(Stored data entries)
= Beginning of Section =
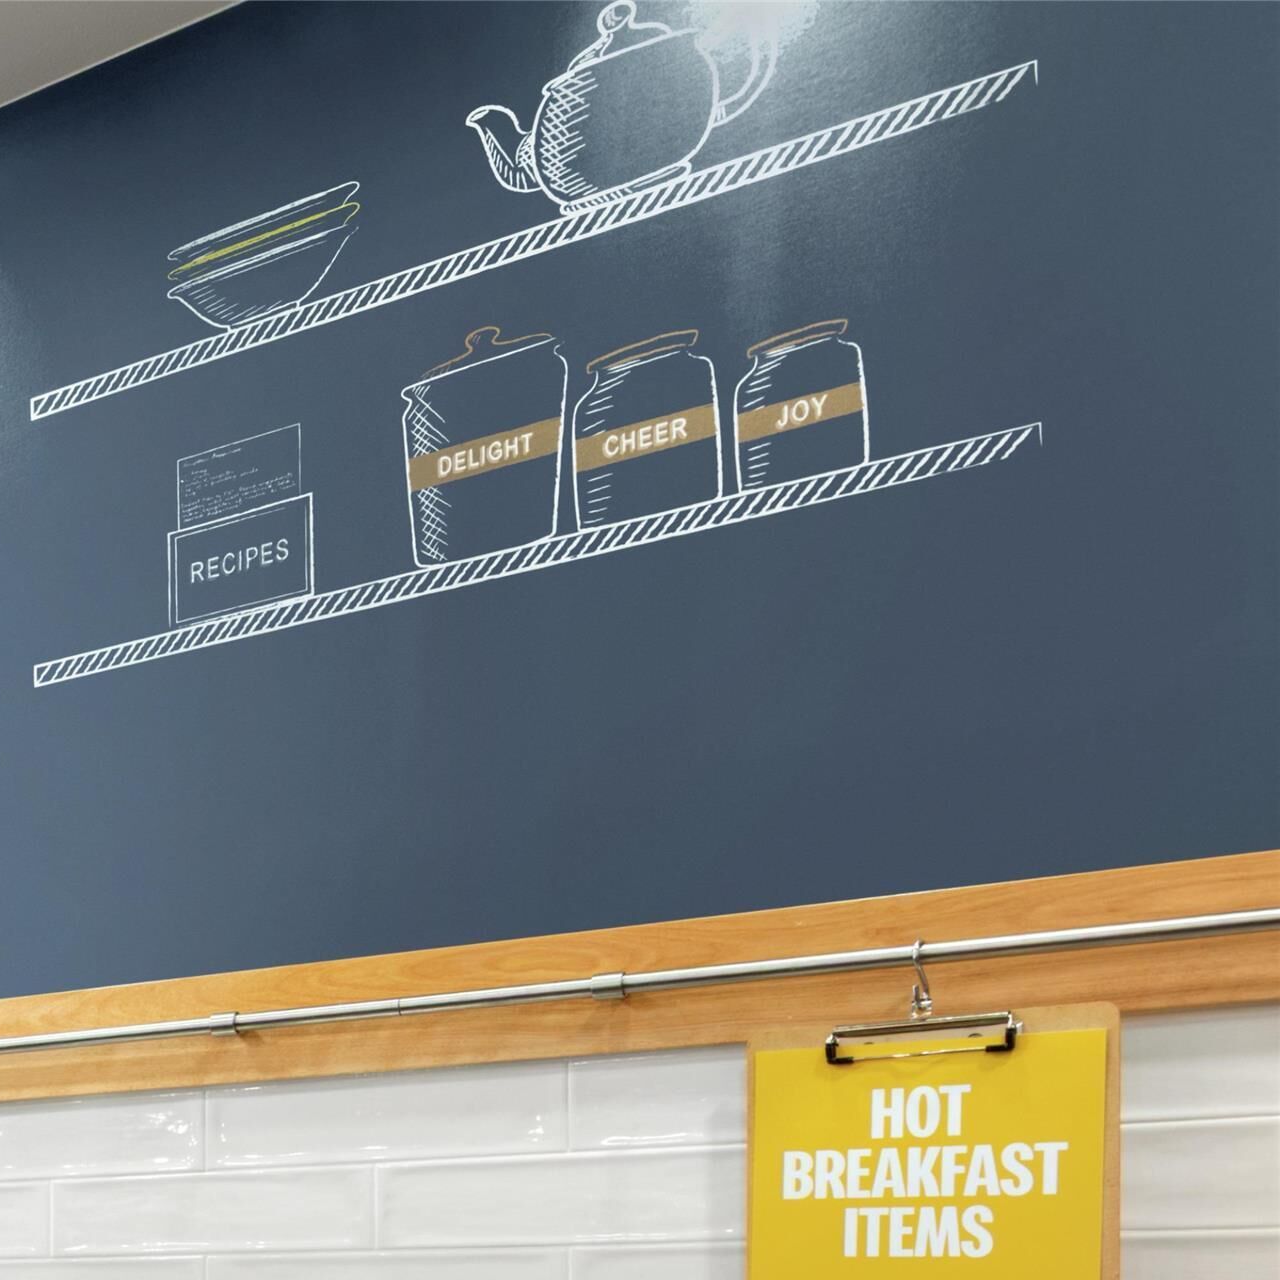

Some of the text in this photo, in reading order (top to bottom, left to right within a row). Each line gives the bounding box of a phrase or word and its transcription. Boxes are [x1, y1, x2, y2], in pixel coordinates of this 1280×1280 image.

[775, 394, 829, 431] JOY
[437, 432, 533, 478] DELIGHT
[602, 417, 688, 458] CHEER
[191, 538, 289, 585] RECIPES
[871, 1084, 971, 1139] HOT
[783, 1142, 1068, 1199] BREAKFAST
[844, 1205, 994, 1258] ITEMS
= End of Section =
■ **Task objective**
Once the pictures are set aside, write out the entries verbatim.

■ **Result**
Some of the text in this photo, in reading order (top to bottom, left to right within a row). Each line gives the bounding box of a phrase or word and its transcription. Boxes are [x1, y1, x2, y2], in pixel coordinates of this 1280×1280 image.

[775, 394, 829, 431] JOY
[437, 432, 533, 478] DELIGHT
[602, 417, 688, 458] CHEER
[191, 538, 289, 585] RECIPES
[871, 1084, 971, 1139] HOT
[783, 1142, 1068, 1199] BREAKFAST
[844, 1205, 994, 1258] ITEMS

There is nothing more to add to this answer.